Let me conclude here by saying that Russia too has a big responsibility for what happened in Chechnia.  It was Eltsin and his “democrats” who armed Dudaev and his militias to the teeth, it was Eltsin and his “democrats” who send billions of Rubles to Chechnia and it was Eltin and his democrats who sent untrained recruits to die in Grozny and who stopped the Russian military not once, but twice when it was about to crush the insurgency.  The entire clique of Jewish bankers and Russian ‘democrats’ who ran Russia for almost a decade played a key role in letting Chechnia become a black hole.  And the Russian society, just like the Chechen one, is morally responsible for letting itself be ruled by such immoral and incompetent oligarchs.  And the Russian society has, I believe, also paid a terrible price for its own passivity and lack of backbone.  But the Russians, at least, did clean up their own mess, and with the exception of a few die-hard pro-Western “democrats”, nobody in Russia has anything but disgust and hatred for the rulers of the “democratic” regime in power between 1991-2000.  In fact, in the latest elections not a single “democratic” party got the minimum amount of votes to even be represented by even one Deputy in the Duma.
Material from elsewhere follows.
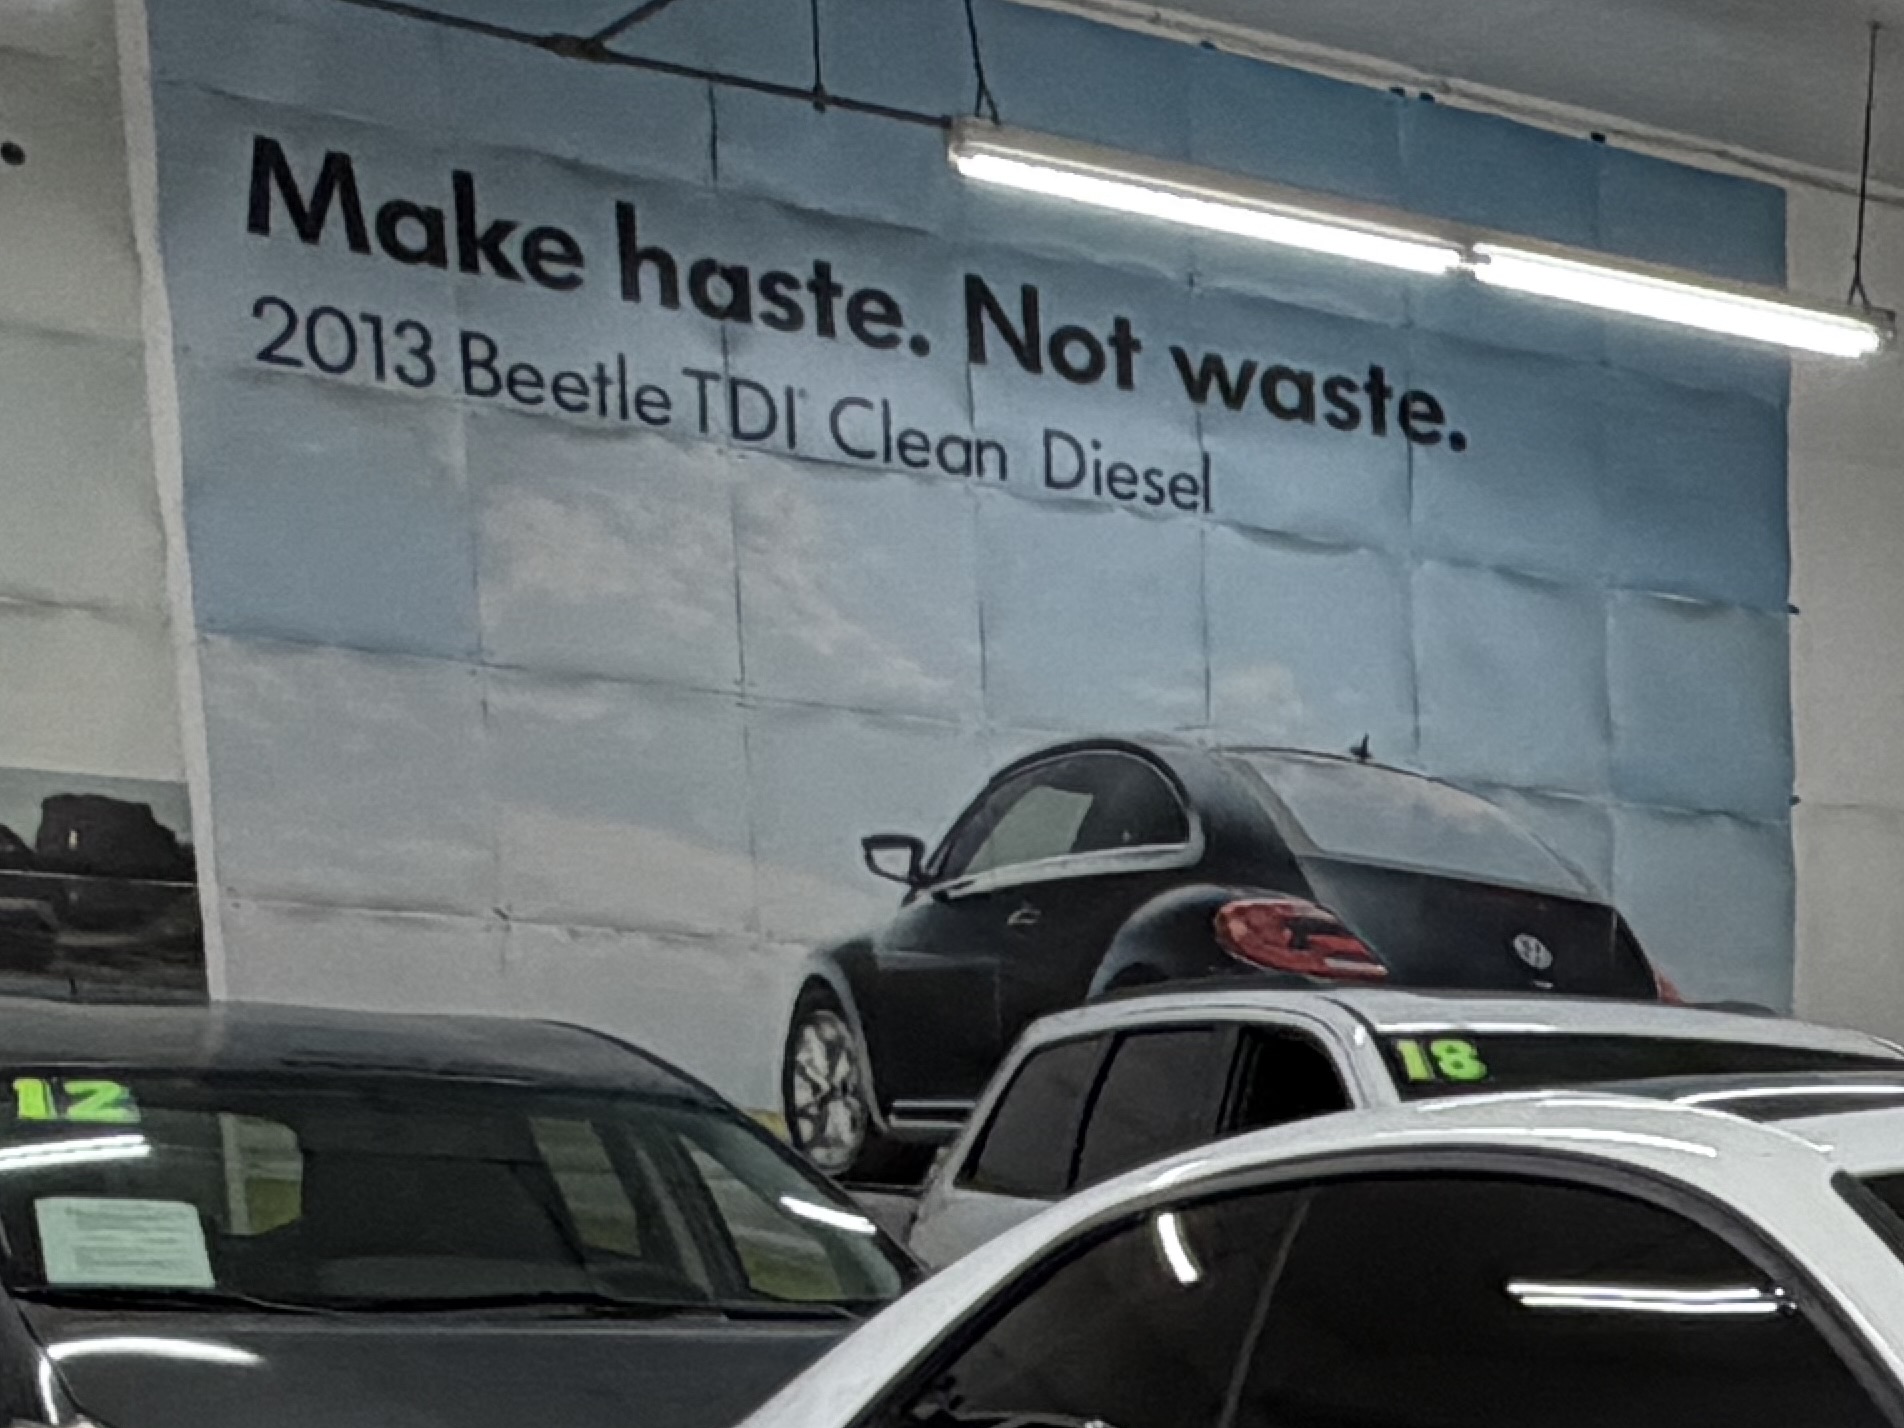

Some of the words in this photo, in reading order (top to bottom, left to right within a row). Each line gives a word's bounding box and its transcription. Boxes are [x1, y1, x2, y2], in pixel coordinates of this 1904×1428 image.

But what do the Chechens think about Dudaev, Maskhadov, Iandarbiev, Basaev, Raduev, Baraev, Udugov, Khattab and the rest of them?  Just take a look at their “official” website Kavkaz Center.  They are all honored there as “martyrs for God”, as shahids (!), who died in a just and noble cause.  And the folks at Kavkaz Center are sadly not alone, a great part of the Muslim world still remains absolutely unable to think outside a reflexive, knee-jerk  “my country – wrong or right” paradigm, just transposed to religion (“my umma – right or wrong”).  Add to this the narrative that Muslims are always the persecuted victims and you will have the elements of a collective blindness which will only serve to make things worse.
Ever since some Brits were decapitated by Chechen crazies, the West has toned down its criticism of Russia, at least somewhat.  Besides, NATO now needs Russia if it wants to resupply its troops in Afghanistan.  As for the Muslim countries, most of them probably start realizing – at least in private – that the Chechen insurgents are at least as bad as the worst al-Qaeda types who are more than willing to kill any Muslim who happens to disagree with them.  But as long as bloodthirsty buffoons like Doku Umarov are not completely denounced, condemned and rejected by the international Muslim umma, the situation in Chechnia will remain unchanged, unsolved and untenable.
The solution to this conflict can only come from the Muslim world.  Sadly, I do not believe that it is capable of taking on such a role.  At the very least then, I hope that it will then follow the less-than-heroic stance of the West and at least abstain from criticizing Russia which has no other option than to deal with this issue in the only manner it can.